For Hazlett, the question of political will is tied to the finite and continuously shrinking pot of money states have for such projects. “Does the state of Arizona want to move forward with it or do we have too many other needs, wants and desires that would supplant I-11?”

I-11 is born

The idea for I-11 started cropping up in late 2008, when Hazlett and his colleagues at MAG, the regional planning agency for the metropolitan Phoenix area, began thinking about not just Valley transportation needs, but the needs of those travelling to the Valley.

“Here we are planning a world-class freeway and transit system in the Valley, but we weren’t really paying attention to how people were going to get to us,” Hazlett says. “We started connecting the dots and said, we’re (Phoenix and Las Vegas) connected only by a two-lane road, what’s up with that?”

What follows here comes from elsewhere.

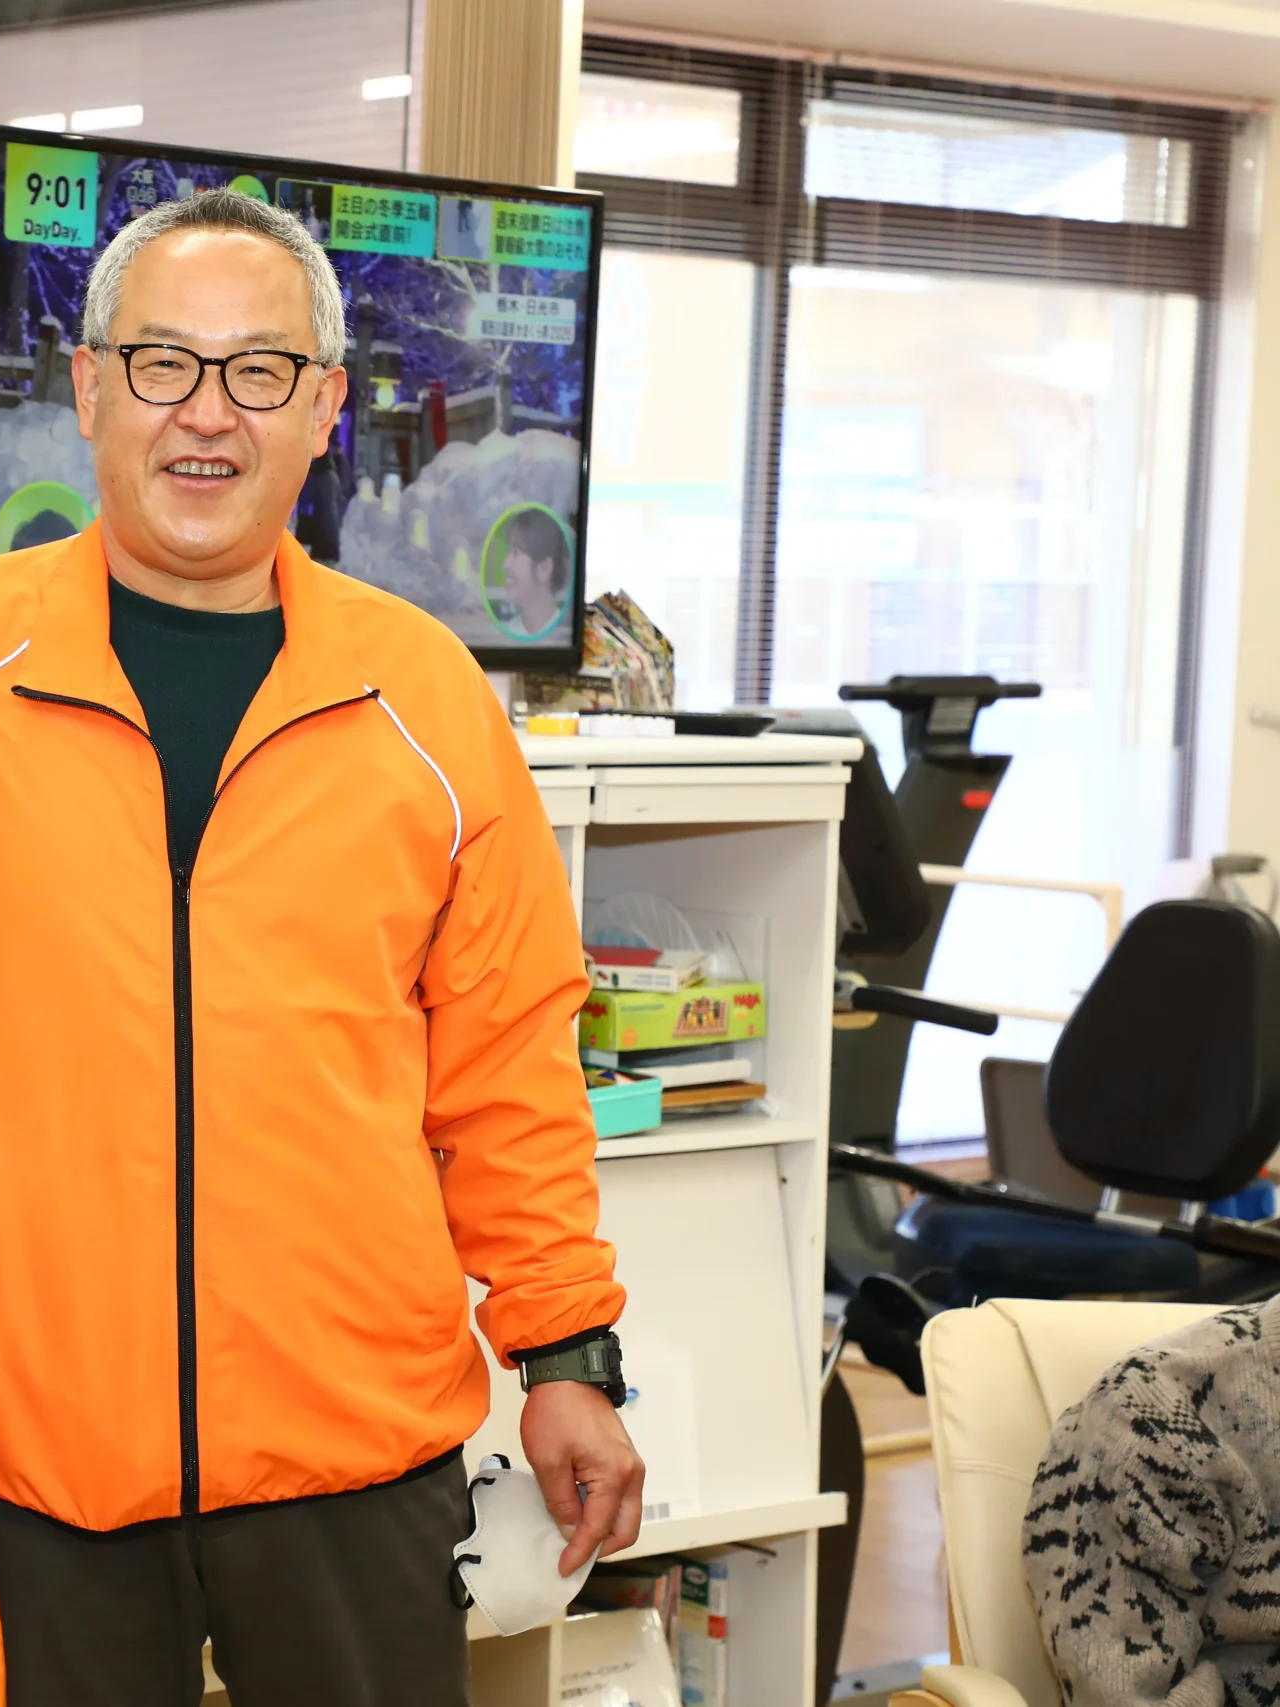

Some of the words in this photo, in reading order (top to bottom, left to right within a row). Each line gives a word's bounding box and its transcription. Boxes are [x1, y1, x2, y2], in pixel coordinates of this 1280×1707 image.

[26, 172, 87, 211] 9:01
[336, 194, 431, 222] 注目の冬季五輪
[23, 218, 83, 242] DayDay.

As they began looking at adding to the state transportation framework, which looks at all conceivable transportation projects over a decades-long timeline without regard to cost, they took the first step by adding in the proposed I-11. Now, Hazlett says the route needs to be added to the Statewide Transportation Plan, which covers projects for 20 years and the Transportation Improvement Plan, which covers the next five years of projects. But, to be added to the plans, projects must be funded.  That has not happened yet for I-11.

The money monster

Again, the discussion comes back to money. Getting the route designated as an actual interstate will help, according to Halikowski. And that appears to be on the horizon. The U.S. Senate Environment and Public Works Committee’s surface transportation reauthorization bill S1813 specifically changes references from U.S. 93 in Arizona and Nevada to “Interstate Route I-11.” That doesn’t mean it officially exists as a U.S. interstate, but it helps to push things in that direction, Halikowski says.

Another partial solution to financing the route is making portions “user-financed” — also known as a toll road. Halikowski says there is no definitive answer as to whether the public would support the route by paying tolls to use it, but the idea will be considered.

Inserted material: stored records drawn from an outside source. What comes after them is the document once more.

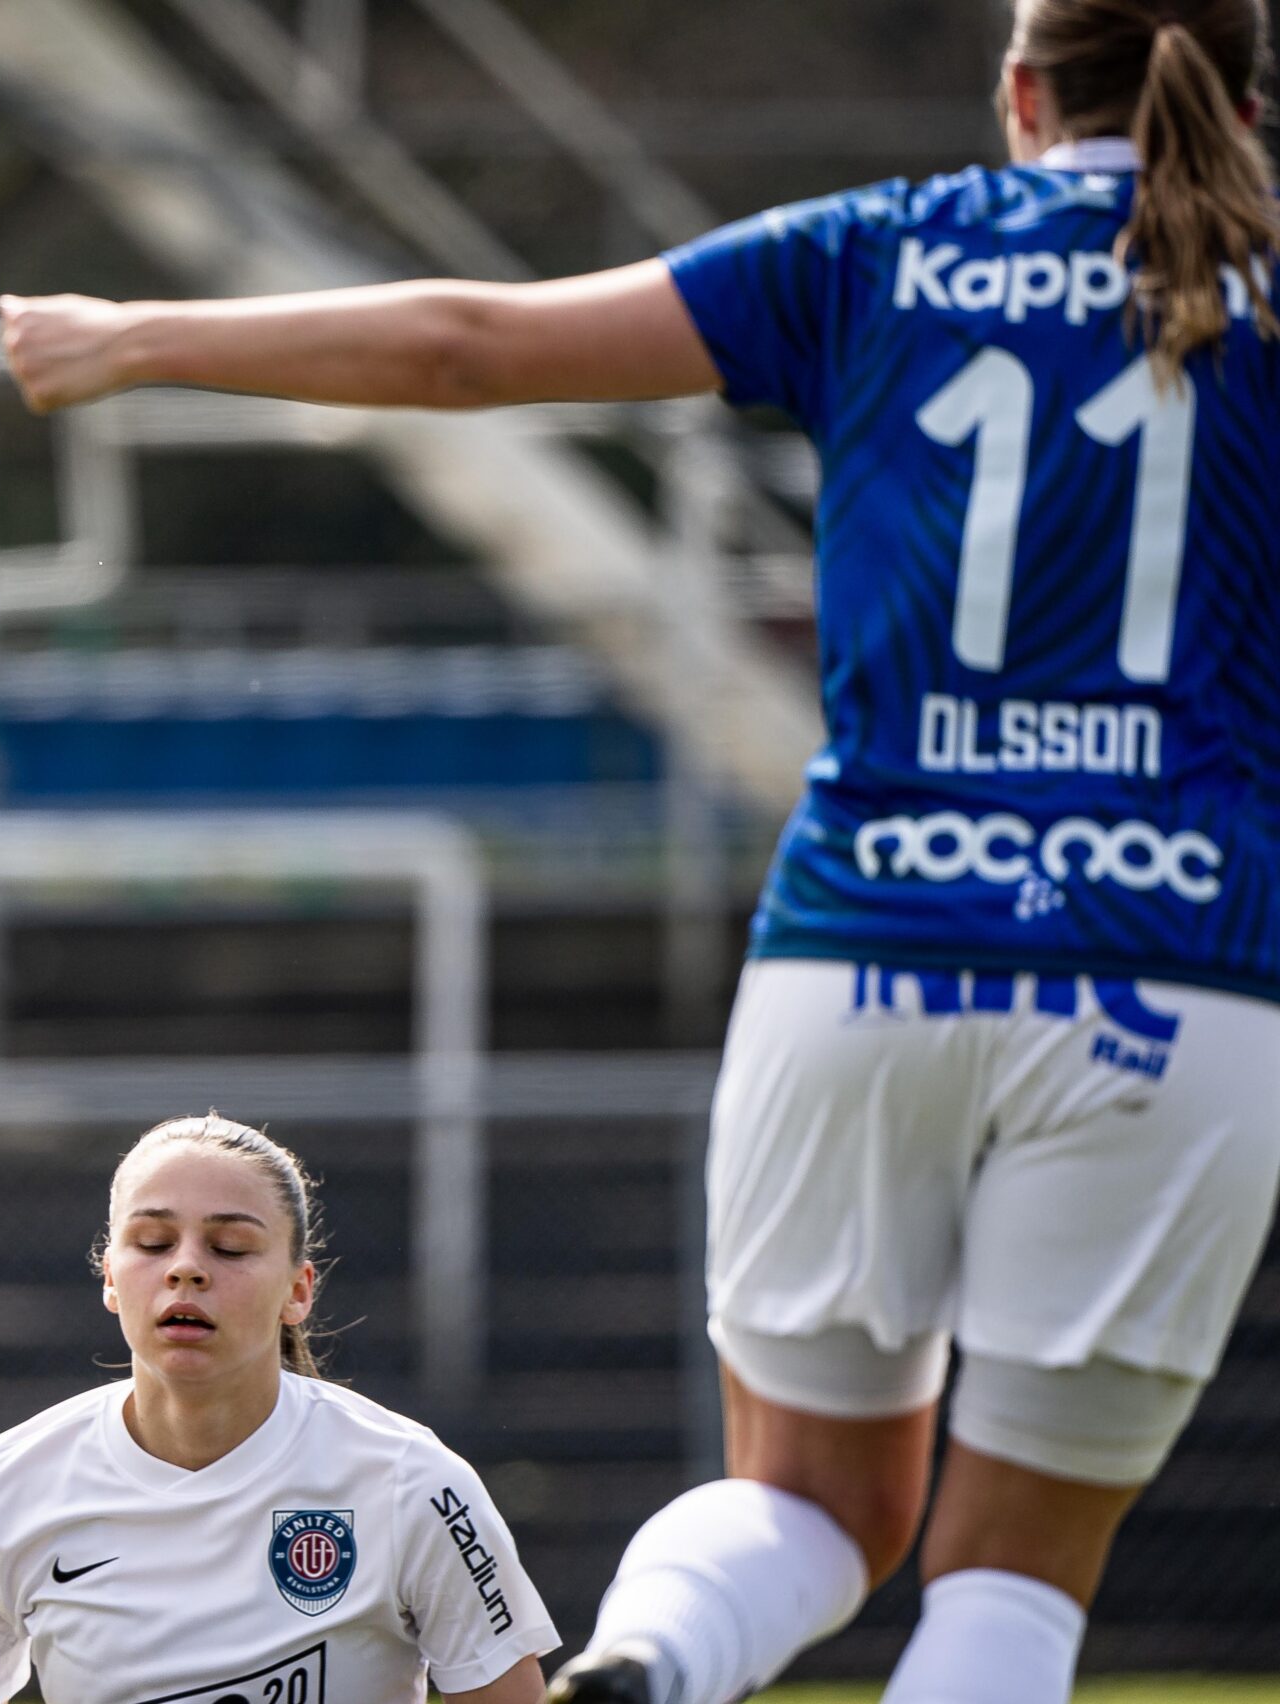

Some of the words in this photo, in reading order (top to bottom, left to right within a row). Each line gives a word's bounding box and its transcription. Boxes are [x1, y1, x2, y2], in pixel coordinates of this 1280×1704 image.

[915, 346, 1197, 685] 11
[920, 693, 1162, 779] OLSSON
[1091, 1032, 1170, 1084] Rail
[281, 1516, 345, 1538] UNITED
[286, 1576, 340, 1594] ESKILSTUNA
[430, 1487, 514, 1636] stadium
[263, 1667, 308, 1704] 20

“Certainly it’s going to be part of the discussion,” he says. “I think we’re just not quite there yet where we can say, ‘yes there’s public support or not to toll it.’”

Ultimately, there are still many more questions than answers for the proposed I-11. Planners are waiting for study results to say what the economic impact of the project could be.

Halikowski points to other freeway projects as an indication that economic development will likely follow. “You see a lot of economic development go in with these projects, like the 101 in the East Valley.”

For Hazlett, connecting Phoenix and Las Vegas is a can’t-lose proposition.

“My gut says that this makes a lot of sense from the standpoint that here we have the two fastest growing metropolitan areas in the nation, and we were only connected by a two-lane road,” he says. “With the opening of the Hoover Dam bypass bridge, which was built to interstate standards, doesn’t it make sense to start connecting up the cities with a red, white and blue shield?”